Özel Daire bu yazıda sanığın kanunun suç saydığı fiili övmek kastı
 bulunmadığını belirterek yerel mahkeme kararını şu gerekçe ile bozmuştur:
 "Sanığın sahibi ve Sorumlu Yazı İşleri Müdürü olduğu .................. adlı
 Gazetenin Özel dördüncü sayısında yer alan "Emekçi Halkımıza" başlıklı
 yazının bütünüyle 12 Eylül döneminin ve günün siyasi iktidarının sermayeden
 yana uygulamalarının emekçilere ve işçi haklarına kısıtlama getirdiği, bu
 cümleden olarak konan genel grev yasağının aşılması, işçi sınıfının sendikal
 ve siyasal birliğinin sağlanması genel grevin hayata geçirilmesi işten
 çıkarmaların durdurulması, işçi kıyımına son verilmesi gerektiğini vurgulayan
 eleştiri niteliğinde olup kanunun suç saydığı fiili övmek kastı bulunmadığı
 gözetilmeden yazılı şekilde mahkumiyet hükmü kurulması bozmayı
 gerektirmiştir".

Yerel Mahkeme ise; 
Türk-İş'in, 3.1.1991 günü genel grev ilan ettiği ve bunu uyguladığı
 bilinmektedir.

Sanık; gazetesinde bu konuda sadece bir yazı yazarak eleştiride bulunmamış,
 gazetenin tümünü bu konuya tahsis etmiştir. "Gün bekleme günü değildir,
 direnme ve kavga günüdür" sözleriyle eleştiri sınırlarını aşmış, genel
 grevden önce özel sayı çıkararak kastını ortaya koymuştur" gerekçesiyle
 önceki hükümde direnmiştir. 

TCK.nun 312. maddesinin 1. fıkrası hükmünce; "Kanunun cürüm saydığı bir fiili
 açıkça öven veya iyi gördüğünü söyleyen veya halkı kanuna itaatsizliğe tahrik
 eden kimse 6 aydan iki yıla kadar hapis veya 2000 liradan 10 bin liraya kadar
 ağır para cezasına mahkum olur".

2822 sayılı Toplu İş Sözleşmesi Grev ve Lokavt Kanununun, toplum yaşamı
 bakımından taşıdığı büyük önemi dikkate alarak ayrıntılı ve özenli bir
 düzenlemede bulunmuştur: Grevin tanımına ilişkin olarak 25. maddesinde
 "İşçilerin, Topluca Çalışmamak suretiyle işyerinde faaliyeti durdurmak veya
 işin niteliğine göre önemli ölçüde aksatmak amacıyla aralarında anlaşarak
 veya herbir kuruluşun aynı amaçla topluca çalışmamaları için verdiği karara
 uyarak iş bırakmalarına grev denilir" denilmiştir.

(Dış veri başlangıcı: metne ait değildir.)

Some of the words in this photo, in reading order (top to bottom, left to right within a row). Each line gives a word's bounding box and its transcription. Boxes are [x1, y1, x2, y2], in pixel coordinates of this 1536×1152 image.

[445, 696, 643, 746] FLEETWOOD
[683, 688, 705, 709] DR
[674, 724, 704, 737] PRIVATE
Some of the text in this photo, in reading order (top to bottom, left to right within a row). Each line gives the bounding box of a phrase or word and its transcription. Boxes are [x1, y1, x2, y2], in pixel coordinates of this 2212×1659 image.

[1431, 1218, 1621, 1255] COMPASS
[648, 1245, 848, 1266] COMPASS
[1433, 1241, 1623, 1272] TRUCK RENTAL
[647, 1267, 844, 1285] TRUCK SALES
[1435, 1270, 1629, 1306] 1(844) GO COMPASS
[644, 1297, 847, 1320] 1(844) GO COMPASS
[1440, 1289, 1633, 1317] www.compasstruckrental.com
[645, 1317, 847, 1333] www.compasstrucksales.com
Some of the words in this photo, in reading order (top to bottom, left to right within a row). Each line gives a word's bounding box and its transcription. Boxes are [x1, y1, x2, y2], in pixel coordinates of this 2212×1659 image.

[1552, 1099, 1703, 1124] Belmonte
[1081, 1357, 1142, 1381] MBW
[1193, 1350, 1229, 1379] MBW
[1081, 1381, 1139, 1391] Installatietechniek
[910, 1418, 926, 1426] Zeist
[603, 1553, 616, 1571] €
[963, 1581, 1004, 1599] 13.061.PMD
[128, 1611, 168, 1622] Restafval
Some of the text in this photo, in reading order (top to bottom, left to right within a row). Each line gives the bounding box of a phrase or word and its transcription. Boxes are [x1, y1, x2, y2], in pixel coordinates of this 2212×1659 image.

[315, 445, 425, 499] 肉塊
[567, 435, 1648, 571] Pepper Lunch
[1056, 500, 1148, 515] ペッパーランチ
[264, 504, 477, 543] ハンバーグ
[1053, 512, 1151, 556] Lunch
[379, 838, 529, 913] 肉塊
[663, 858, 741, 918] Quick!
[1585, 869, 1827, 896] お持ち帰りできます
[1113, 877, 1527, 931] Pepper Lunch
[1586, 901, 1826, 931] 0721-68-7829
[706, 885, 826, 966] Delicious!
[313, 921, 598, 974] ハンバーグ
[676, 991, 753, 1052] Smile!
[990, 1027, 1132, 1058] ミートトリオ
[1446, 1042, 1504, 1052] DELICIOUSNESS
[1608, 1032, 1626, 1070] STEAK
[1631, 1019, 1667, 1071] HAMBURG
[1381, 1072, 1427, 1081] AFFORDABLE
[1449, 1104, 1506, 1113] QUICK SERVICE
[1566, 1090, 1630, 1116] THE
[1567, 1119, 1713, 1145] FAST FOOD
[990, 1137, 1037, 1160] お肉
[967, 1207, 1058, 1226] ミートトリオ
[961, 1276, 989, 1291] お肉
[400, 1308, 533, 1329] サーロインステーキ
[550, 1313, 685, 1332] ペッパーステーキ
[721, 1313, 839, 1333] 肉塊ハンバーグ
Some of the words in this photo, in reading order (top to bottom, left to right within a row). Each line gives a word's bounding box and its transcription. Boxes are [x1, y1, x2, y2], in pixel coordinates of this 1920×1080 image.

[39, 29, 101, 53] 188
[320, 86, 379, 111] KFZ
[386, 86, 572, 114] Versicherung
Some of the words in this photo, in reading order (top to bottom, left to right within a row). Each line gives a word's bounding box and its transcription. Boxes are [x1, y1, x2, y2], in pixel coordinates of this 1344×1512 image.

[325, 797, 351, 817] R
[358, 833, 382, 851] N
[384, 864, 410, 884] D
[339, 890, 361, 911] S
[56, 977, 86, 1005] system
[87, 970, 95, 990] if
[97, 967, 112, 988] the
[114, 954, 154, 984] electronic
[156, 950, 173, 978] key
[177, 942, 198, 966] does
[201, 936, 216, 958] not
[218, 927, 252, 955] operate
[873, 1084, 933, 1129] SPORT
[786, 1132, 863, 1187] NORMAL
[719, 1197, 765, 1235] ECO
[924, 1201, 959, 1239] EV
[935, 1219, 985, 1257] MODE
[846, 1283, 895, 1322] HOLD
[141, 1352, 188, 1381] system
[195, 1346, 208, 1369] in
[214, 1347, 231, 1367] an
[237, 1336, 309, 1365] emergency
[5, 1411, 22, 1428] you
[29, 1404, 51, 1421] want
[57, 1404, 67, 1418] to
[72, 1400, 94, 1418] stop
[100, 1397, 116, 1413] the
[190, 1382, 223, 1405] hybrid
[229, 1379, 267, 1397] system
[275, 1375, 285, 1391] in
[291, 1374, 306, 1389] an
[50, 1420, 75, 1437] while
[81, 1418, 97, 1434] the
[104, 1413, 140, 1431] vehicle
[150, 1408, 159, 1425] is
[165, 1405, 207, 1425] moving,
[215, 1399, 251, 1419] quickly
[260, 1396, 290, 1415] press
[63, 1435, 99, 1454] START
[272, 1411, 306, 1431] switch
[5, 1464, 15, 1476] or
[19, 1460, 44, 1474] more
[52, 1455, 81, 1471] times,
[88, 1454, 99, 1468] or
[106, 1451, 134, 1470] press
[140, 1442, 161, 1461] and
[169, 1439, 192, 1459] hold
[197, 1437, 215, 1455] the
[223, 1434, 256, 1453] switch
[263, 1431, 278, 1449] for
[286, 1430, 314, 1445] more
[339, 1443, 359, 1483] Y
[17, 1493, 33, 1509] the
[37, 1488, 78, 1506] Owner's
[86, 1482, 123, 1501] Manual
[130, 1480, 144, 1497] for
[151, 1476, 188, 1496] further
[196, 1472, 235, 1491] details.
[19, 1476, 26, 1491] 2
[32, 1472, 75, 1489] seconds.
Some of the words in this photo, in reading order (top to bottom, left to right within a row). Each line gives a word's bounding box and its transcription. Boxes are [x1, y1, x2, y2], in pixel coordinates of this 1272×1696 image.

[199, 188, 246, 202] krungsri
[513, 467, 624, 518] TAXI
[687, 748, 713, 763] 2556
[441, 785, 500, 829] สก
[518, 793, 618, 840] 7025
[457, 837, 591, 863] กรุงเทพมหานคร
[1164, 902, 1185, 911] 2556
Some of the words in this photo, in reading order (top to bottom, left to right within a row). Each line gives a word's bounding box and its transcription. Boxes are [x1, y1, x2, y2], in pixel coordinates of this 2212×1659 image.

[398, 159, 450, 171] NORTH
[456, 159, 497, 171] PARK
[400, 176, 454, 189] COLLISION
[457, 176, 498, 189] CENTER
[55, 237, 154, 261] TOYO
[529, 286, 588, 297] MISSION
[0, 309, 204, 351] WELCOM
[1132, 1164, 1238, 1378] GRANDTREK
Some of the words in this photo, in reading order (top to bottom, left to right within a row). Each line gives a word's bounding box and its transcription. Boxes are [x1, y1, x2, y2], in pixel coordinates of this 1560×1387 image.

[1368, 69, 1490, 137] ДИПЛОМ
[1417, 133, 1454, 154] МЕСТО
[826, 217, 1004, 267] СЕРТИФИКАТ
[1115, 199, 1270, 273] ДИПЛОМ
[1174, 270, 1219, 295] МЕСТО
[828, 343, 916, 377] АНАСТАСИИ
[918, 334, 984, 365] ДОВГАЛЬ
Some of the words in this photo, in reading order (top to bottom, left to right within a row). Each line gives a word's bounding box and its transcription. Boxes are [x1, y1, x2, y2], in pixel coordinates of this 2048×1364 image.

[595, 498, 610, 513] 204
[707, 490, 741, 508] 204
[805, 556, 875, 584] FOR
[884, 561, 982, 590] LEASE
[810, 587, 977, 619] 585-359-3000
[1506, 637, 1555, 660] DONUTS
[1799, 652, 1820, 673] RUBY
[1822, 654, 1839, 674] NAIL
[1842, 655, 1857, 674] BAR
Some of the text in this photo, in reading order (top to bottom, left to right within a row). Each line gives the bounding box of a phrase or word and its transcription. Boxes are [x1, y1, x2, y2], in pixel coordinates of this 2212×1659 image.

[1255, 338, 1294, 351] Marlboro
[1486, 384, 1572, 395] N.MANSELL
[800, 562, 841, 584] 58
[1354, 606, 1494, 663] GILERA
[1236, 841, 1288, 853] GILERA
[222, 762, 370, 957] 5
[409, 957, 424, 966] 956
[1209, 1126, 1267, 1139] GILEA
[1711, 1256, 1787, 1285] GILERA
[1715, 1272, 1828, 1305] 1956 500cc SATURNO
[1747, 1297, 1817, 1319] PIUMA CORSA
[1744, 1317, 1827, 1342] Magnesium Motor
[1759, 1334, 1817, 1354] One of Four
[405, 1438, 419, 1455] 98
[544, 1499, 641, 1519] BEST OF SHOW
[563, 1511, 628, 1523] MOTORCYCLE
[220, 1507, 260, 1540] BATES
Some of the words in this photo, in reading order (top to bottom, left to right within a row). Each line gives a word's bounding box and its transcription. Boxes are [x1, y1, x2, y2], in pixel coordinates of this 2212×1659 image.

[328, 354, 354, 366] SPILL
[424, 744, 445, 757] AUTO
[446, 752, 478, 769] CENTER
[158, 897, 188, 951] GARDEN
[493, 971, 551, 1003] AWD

Yasa ayrıca kanuni grev ve kanun dışı grev kavramlarına da açıklık
 getirmiştir. Aynı maddenin 2. ve 3. fıkralarında bu konuda şu hükümler
 konulmuştur: "Toplu iş sözleşmesinin yapılması suretiyle uyuşmazlık çıkması
 halinde işçilerin iktisadi ve sosyal durumlarıyla çalışma şartlarını korumak
 veya düzeltmek amacıyla bu kanun hükümlerine uygun olarak yapılan greve
 kanuni grev denilir. Kanuni grev için aranan şartlar gerçekleşmeden yapılan
 greve kanun dışı grev denilir. - Siyasi amaçlı grev, genel grev ve dayanışma
 grevi kanun dışı grevdir. İşyeri işgali, işi yavaşlatma, verimi düşürme ve
 diğer direnişler hakkında kanun dışı grevin müeyyideleri uygulanır".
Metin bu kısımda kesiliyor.